Abstract
Background
Cognitive performance under stress is influenced by neuroendocrine and neurotrophic mechanisms, with brain-derived neurotrophic factor (BDNF) and cortisol playing distinct roles in neuroplasticity and stress adaptation. While BDNF has been primarily linked to memory and neuroplasticity, this study extends its investigation to explore BDNF’s role in inhibitory control and vigilance measures. Specifically, we examine the relationship between serum BDNF-1, cortisol, and cognitive performance under psychosocial and heat stress conditions, with a focus on response inhibition and reaction time.
Aims & Objectives
This study aims to: (1) characterise BDNF and cortisol responses to distinct stressors, (2) assess their associations with cognitive performance, and (3) model the predictive capacity of these biomarkers using Bayesian regression.
Method
Participants underwent both psychosocial (Trier Social Stress Test) and heat stress trials, with serum BDNF and cortisol measured across four timepoints. A subset of 16 participants in the psychosocial trial and 18 participants in the heat stress trial had their serum samples analysed. All biomarker measurements were conducted in duplicate using the Human BDNF-1 ELISA Kit following the manufacturer’s protocol.

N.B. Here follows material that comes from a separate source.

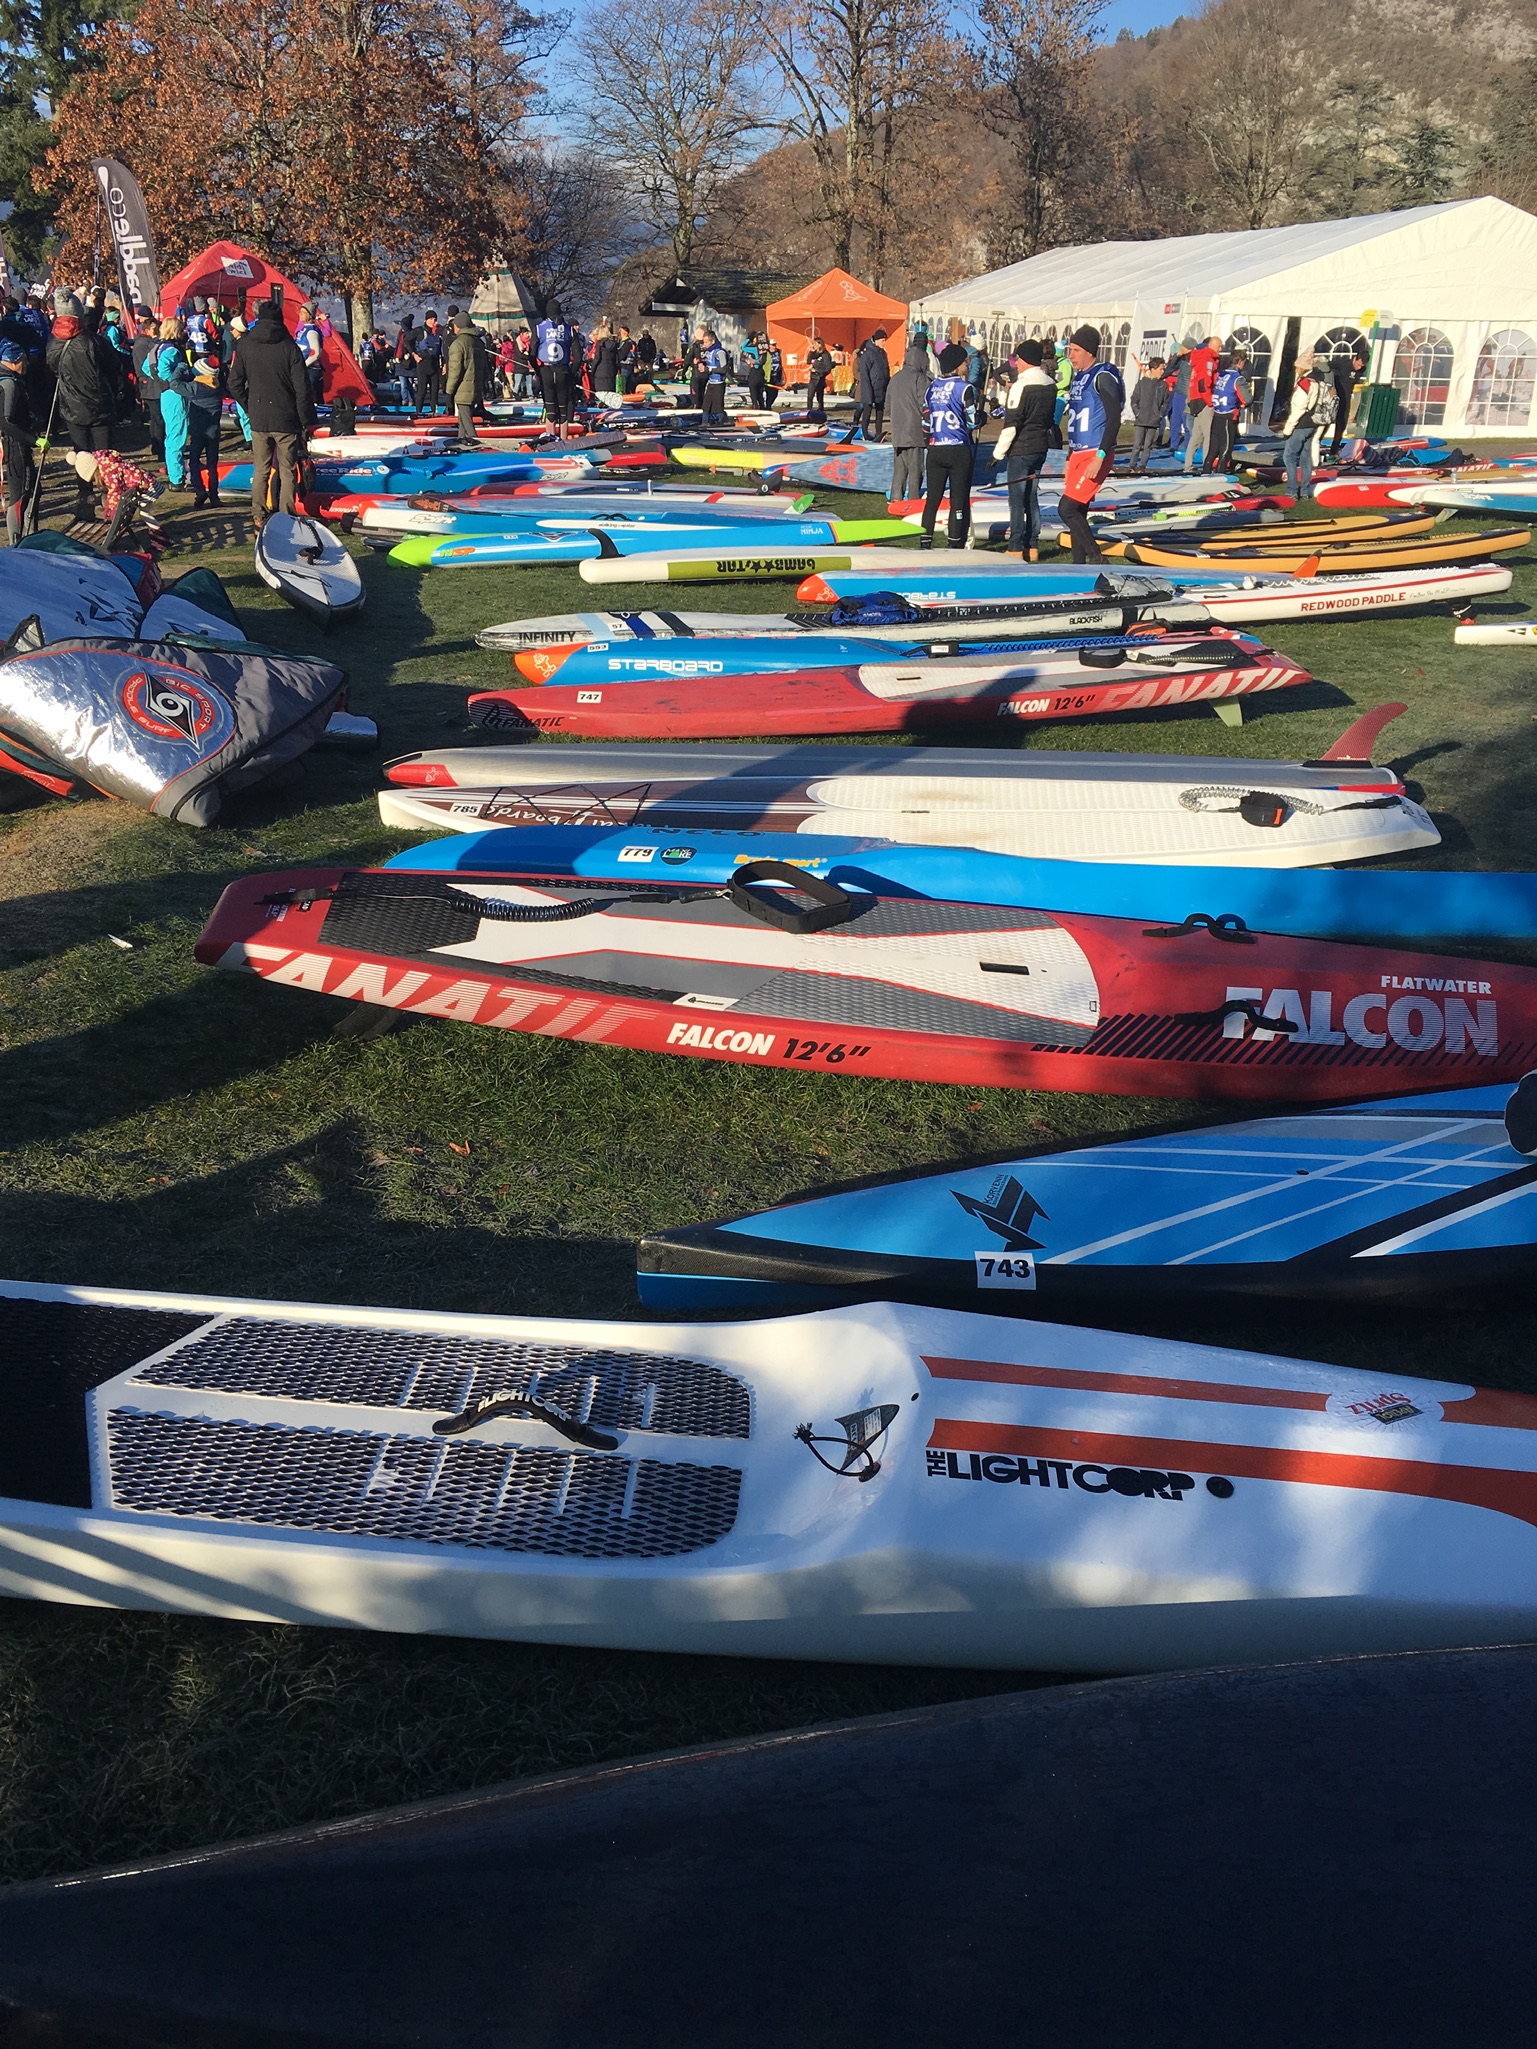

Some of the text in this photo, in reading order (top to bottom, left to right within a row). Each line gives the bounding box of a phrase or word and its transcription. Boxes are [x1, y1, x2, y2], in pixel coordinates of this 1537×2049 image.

Cognitive performance was assessed post-stress using the Parametric Go/No-Go task (inhibitory control) and Psychomotor Vigilance Task (PVT). Spearman’s correlation and regression analyses were employed to explore the relationships between baseline BDNF, cortisol, and cognitive outcomes across the two stress conditions.
Results
Changes in BDNF levels differed significantly between stressors, with heat stress inducing an increase and psychosocial stress causing a decrease. These changes were driven primarily by post-stress levels relative to baseline. Baseline BDNF was negatively correlated with inhibitory control in the Go/No-Go task (percentage of correct targets identified in round 3) and positively associated with slower reaction times (PVT) in the psychosocial trial. Similarly, higher baseline cortisol levels were highly correlated with poorer performance in the Go/No-Go task within the psychosocial trial. No significant correlations were found between cortisol and BDNF levels.
Discussion & Conclusions
These findings suggest that higher baseline BDNF and cortisol levels predict poorer attentional control and slower reaction times under stress. The differential regulation of BDNF expression between psychosocial and heat stress underscores the importance of stressor-specific neurobiological pathways in cognitive performance. The use of Bayesian predictive models highlights the capacity of BDNF and cortisol to independently explain cognitive variability under acute stress conditions. Future research should expand on these findings using larger samples and multivariate models to enhance the precision of biomarker-based predictions of cognitive performance. These insights contribute to understanding individual variability in stress resilience and may inform personalised interventions for stress-related cognitive impairments.